De um modo geral, deveria ser rica em legumes, fruta e cereais. Em suma: tudo o que são “alimentos de verdade” – a base da nossa dieta mediterrânica. São estes alimentos que nos dão os nutrientes que precisamos para o nosso dia-a-dia, nomeadamente as vitaminas e os minerais.

Este tipo de dieta é respeitada de forma geral pela população portuguesa?
Por algumas crianças sim, por terem pais que estão conscientes para a problemática da obesidade e reconhecerem a importância que uma alimentação saudável representa na saúde e no desenvolvimento dos seus filhos. Mas claramente ainda há um longo caminho a percorrer. Não só junto dos pais, que muitas vezes precisam de uma orientação profissional para conseguirem tornar a alimentação dos seus filhos saudável e apelativa, mas também junto das escolas, onde muitas vezes a oferta alimentar é bastante pobre.

Como aconselharia os pais a alimentar melhor as suas crianças?
Primeiro que tudo, lembrar-lhes-ia que são o principal modelo a seguir pelos filhos. E que de nada adianta dizermos a uma criança para ter um determinado comportamento, se o seu “modelo” não o faz.

Numa sociedade que privilegia cada vez o aspeto físico, a obesidade não poderá afetar as crianças de uma forma desumana diminuindo a sua autoestima para o resto da vida?
A obesidade não afeta só a autoestima da criança, como diminuir a sua qualidade de vida. Pode dificultar tarefas como andar, correr ou simplesmente apertar os sapatos; além de que como condiciona a sua saúde, enquanto criança e posteriormente na vida adulta.
Eu defendo que o segredo está na prevenção e não no tratamento. É preciso evitar que as nossas crianças fiquem obesas. É preciso mudar mentalidades, mudar hábitos.

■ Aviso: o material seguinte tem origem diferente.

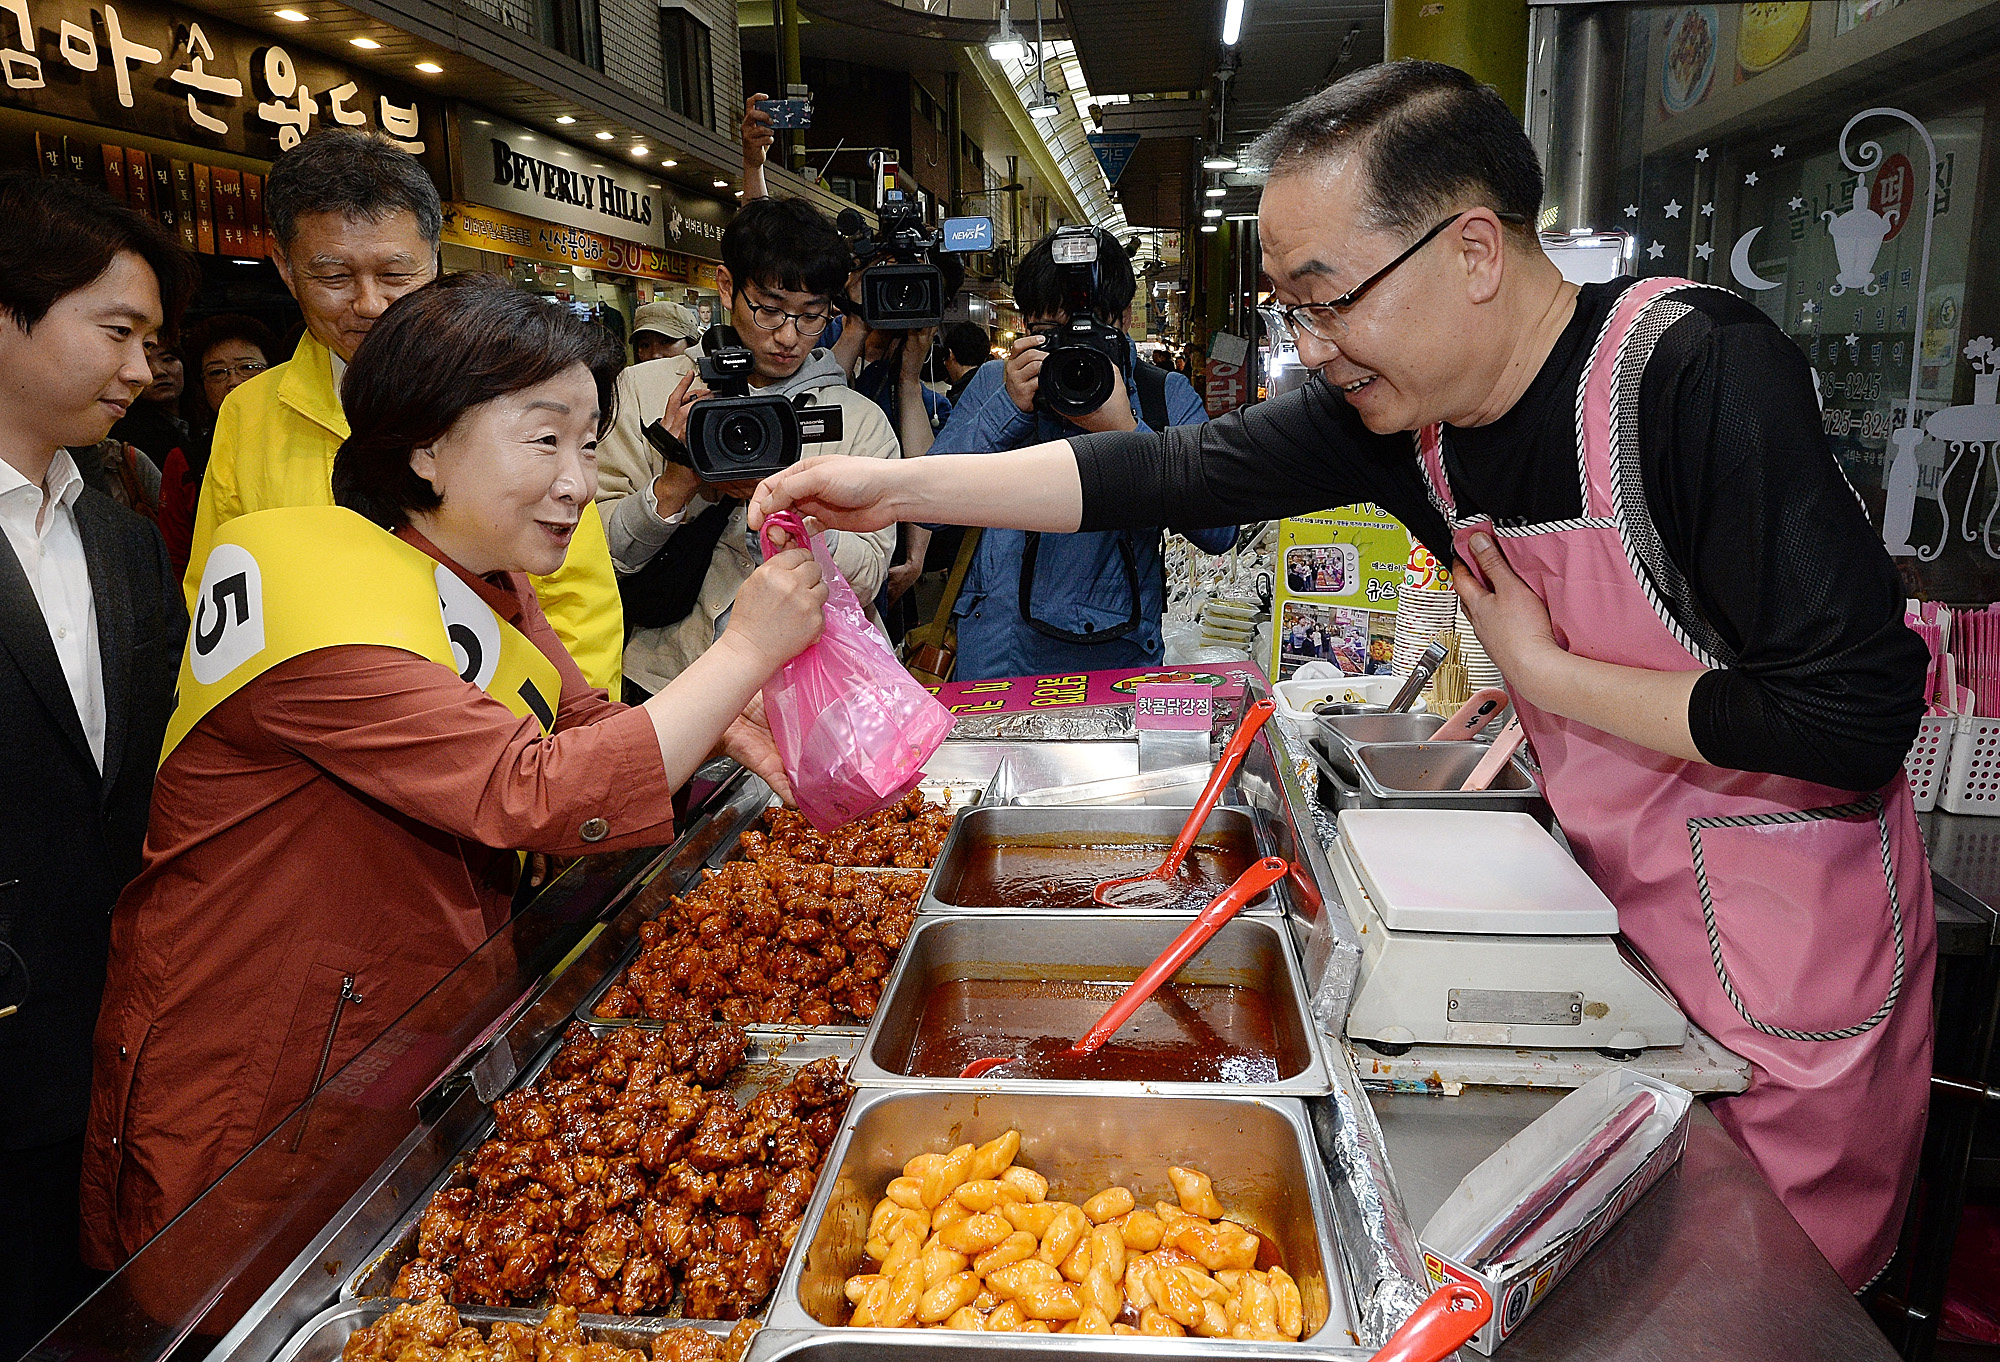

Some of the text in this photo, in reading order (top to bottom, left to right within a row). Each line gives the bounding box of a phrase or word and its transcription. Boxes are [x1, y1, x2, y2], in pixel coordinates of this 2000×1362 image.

A genética é muito importante, ou há apenas uma predisposição para a obesidade que pode ser facilmente combatida através do exercício e alimentação?
A genética é um fator importante, mas não é o único e nem sequer é o principal. Claramente os maiores determinantes são os maus hábitos alimentares e a inatividade física. E, ainda, que possa ser a genética a condicionar algum ganho de peso, não sendo este um fator modificável, a chave continua a ser uma melhor alimentação e promoção da prática de exercício físico.

Nestes casos devem ser efetuados exames clínicos específicos?
Claro que sim, se não houver hábitos alimentares desregrados que justifiquem o excesso de peso e se se tratar de uma criança ativa, é necessário perceber a causa do excesso de peso, que poderá ser de ordem clínica. Nesses casos sim, pode ser necessária a realização de exames médicos.

Para detetar problemas como?
Alterações do foro endócrino, como alterações hormonais, mas estes casos devem ser sempre seguidos em equipa, com o apoio da pediatria e endocrinologia, entre outras especialidades.